WORK REQUEST ->
Print the data below again in full, exactly as it stands, with no images.

|---|

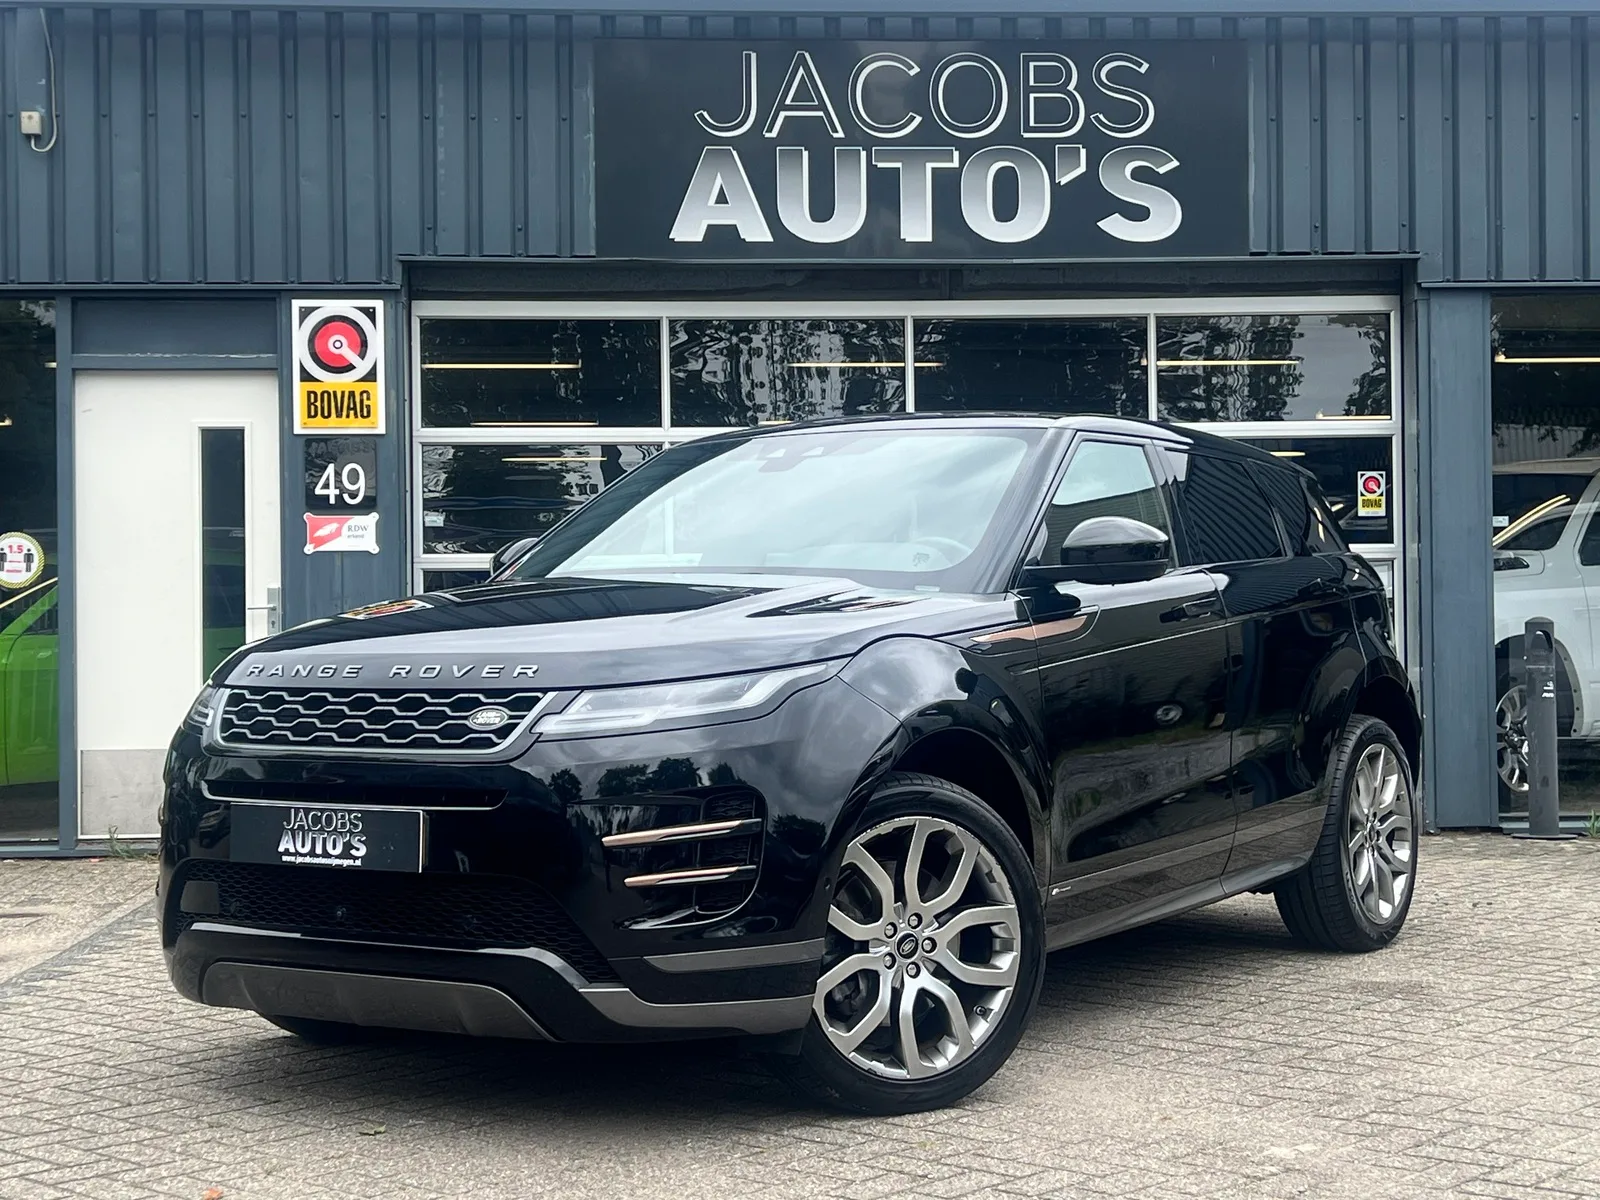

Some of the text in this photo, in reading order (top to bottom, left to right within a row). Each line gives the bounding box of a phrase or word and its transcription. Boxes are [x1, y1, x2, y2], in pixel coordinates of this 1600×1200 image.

[694, 50, 1156, 138] JACOBS
[669, 145, 1183, 242] AUTO'S
[306, 389, 372, 419] BOVAG
[314, 462, 366, 505] 49
[1361, 498, 1382, 508] BOVAG
[347, 524, 369, 532] RDW
[246, 664, 540, 679] RANGE ROVER
[283, 808, 363, 832] JACOBS
[278, 829, 367, 857] AUTO'S
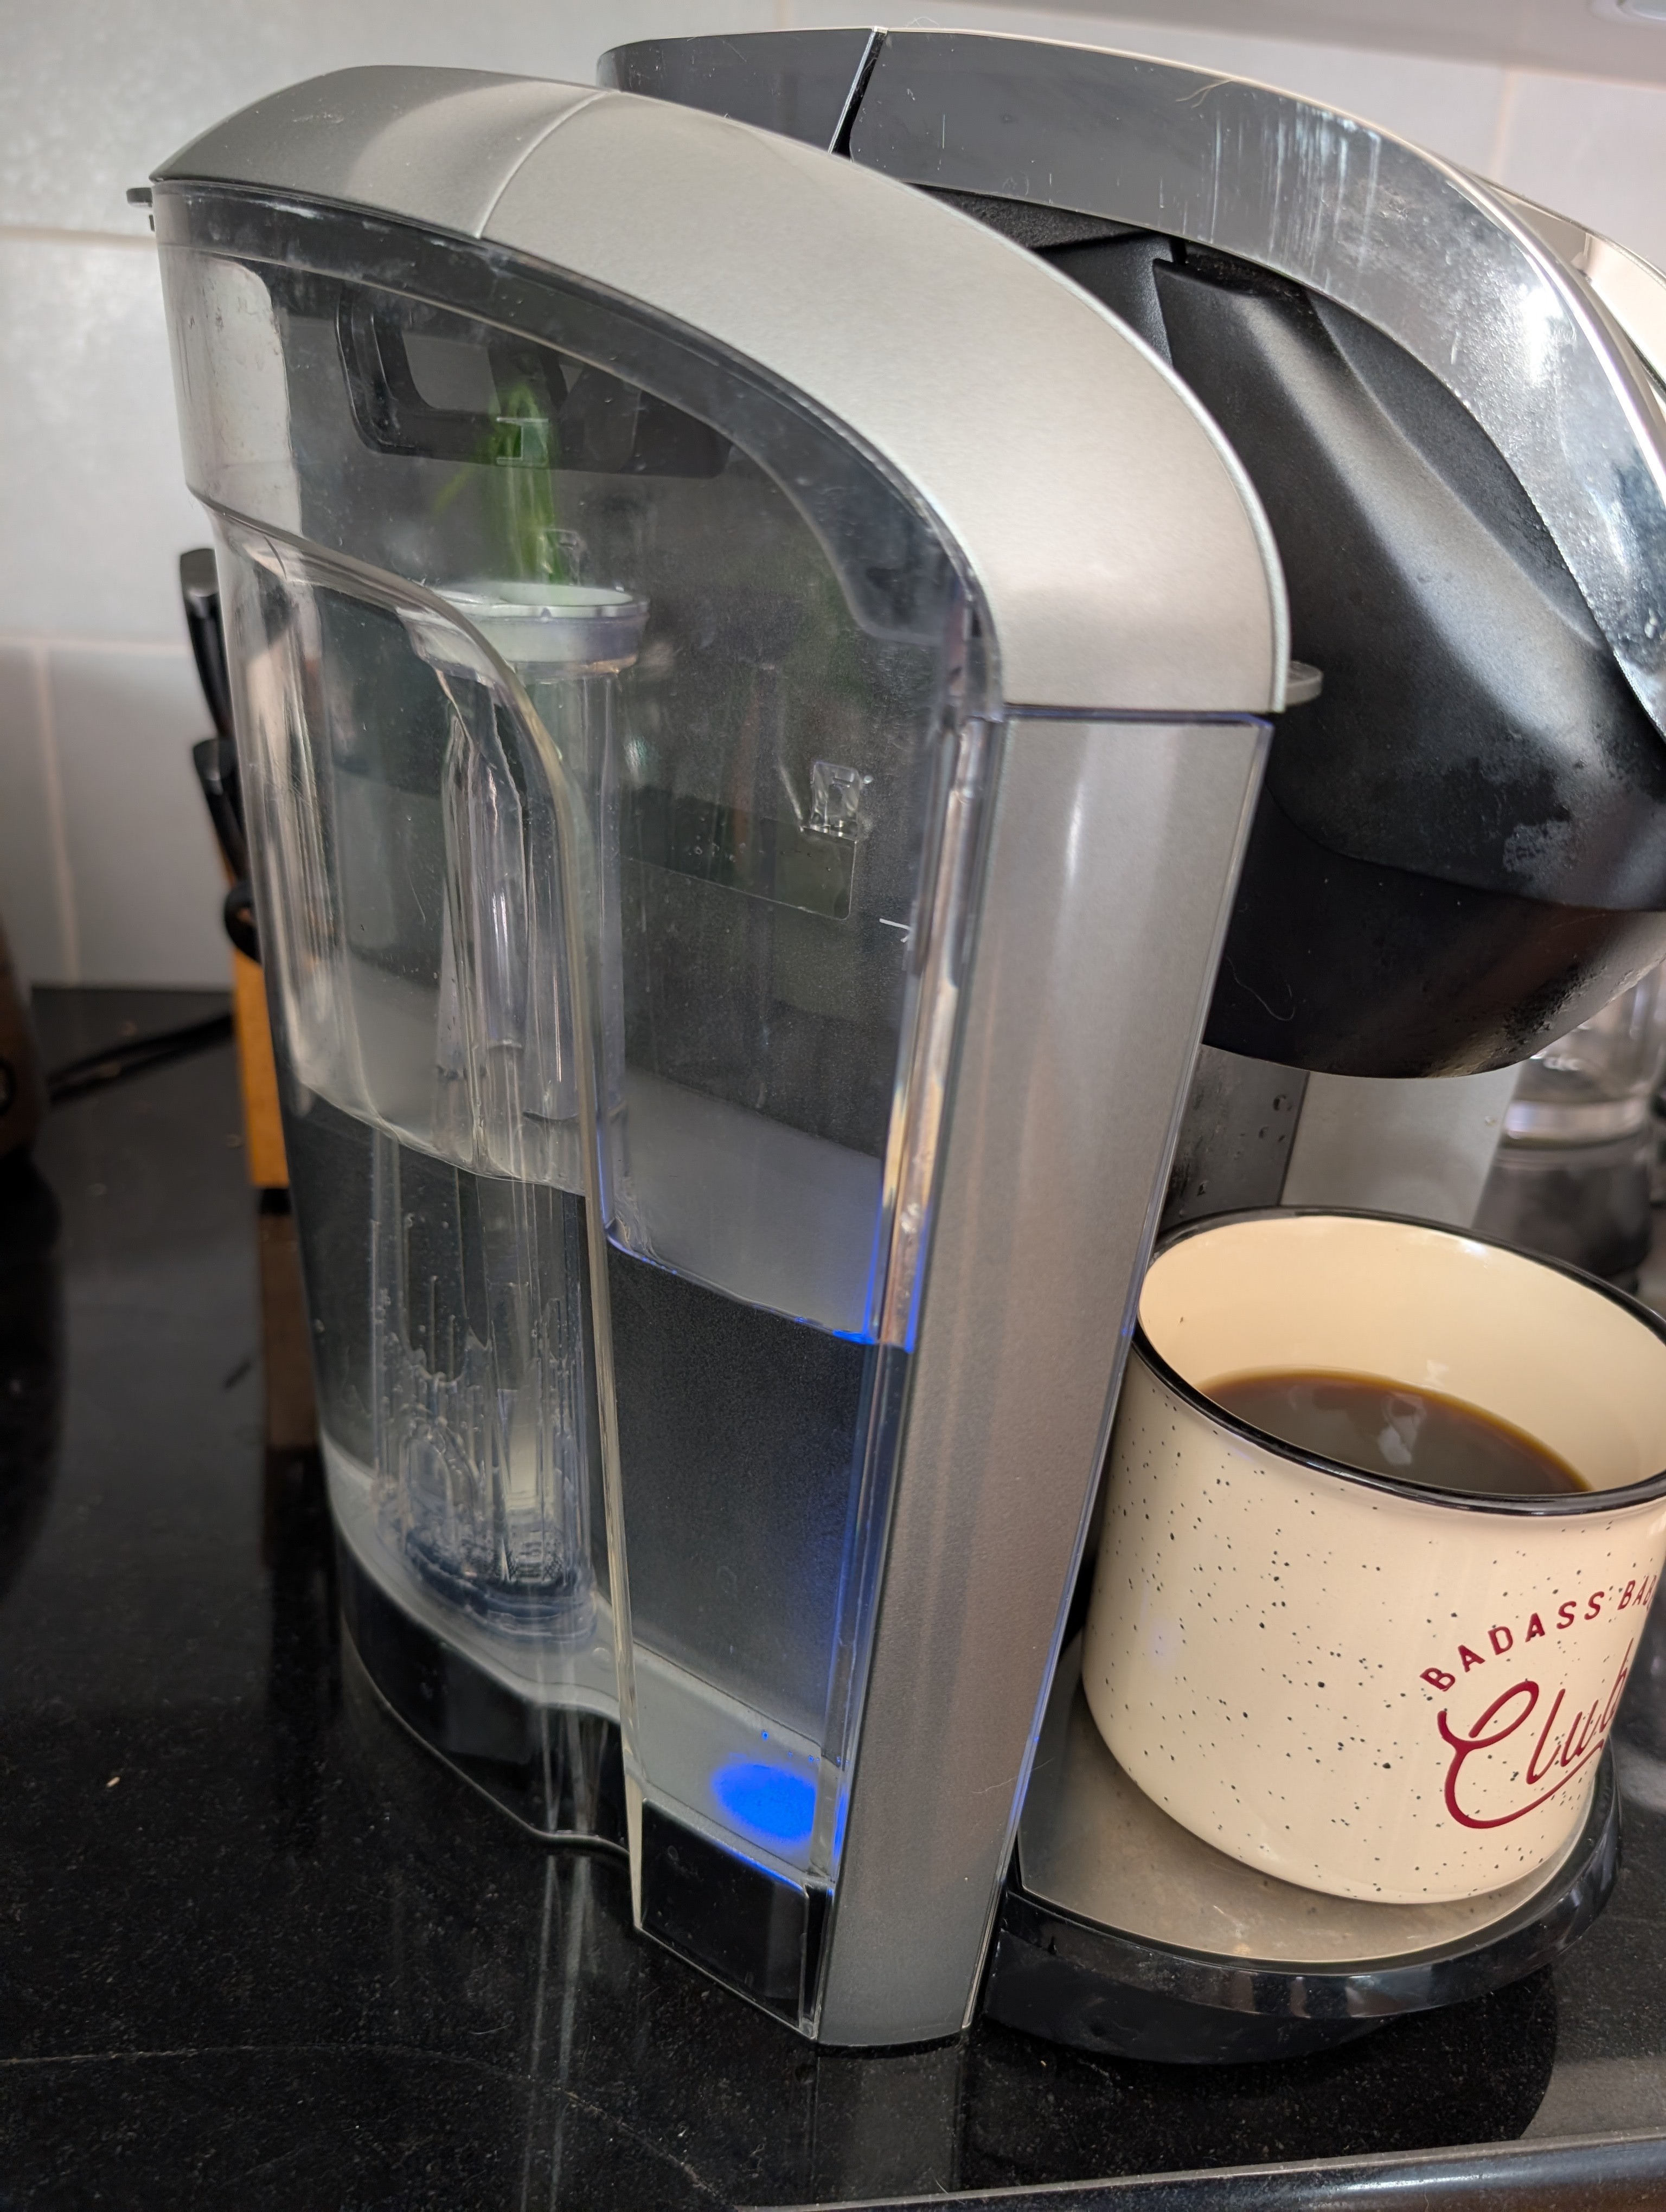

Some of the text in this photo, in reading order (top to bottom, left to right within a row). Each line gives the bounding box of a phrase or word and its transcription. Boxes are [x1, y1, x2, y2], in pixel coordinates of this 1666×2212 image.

[1419, 1574, 1657, 1692] BADASS BAB
[1437, 1637, 1634, 1829] Club

|---|

EXERCISE RESULT ->
Some of the text in this photo, in reading order (top to bottom, left to right within a row). Each line gives the bounding box of a phrase or word and its transcription. Boxes are [x1, y1, x2, y2], in pixel coordinates of this 1600×1200 image.

[694, 50, 1156, 138] JACOBS
[669, 145, 1183, 242] AUTO'S
[306, 389, 372, 419] BOVAG
[314, 462, 366, 505] 49
[1361, 498, 1382, 508] BOVAG
[347, 524, 369, 532] RDW
[246, 664, 540, 679] RANGE ROVER
[283, 808, 363, 832] JACOBS
[278, 829, 367, 857] AUTO'S

Some of the text in this photo, in reading order (top to bottom, left to right within a row). Each line gives the bounding box of a phrase or word and its transcription. Boxes are [x1, y1, x2, y2], in pixel coordinates of this 1666×2212 image.

[1419, 1574, 1657, 1692] BADASS BAB
[1437, 1637, 1634, 1829] Club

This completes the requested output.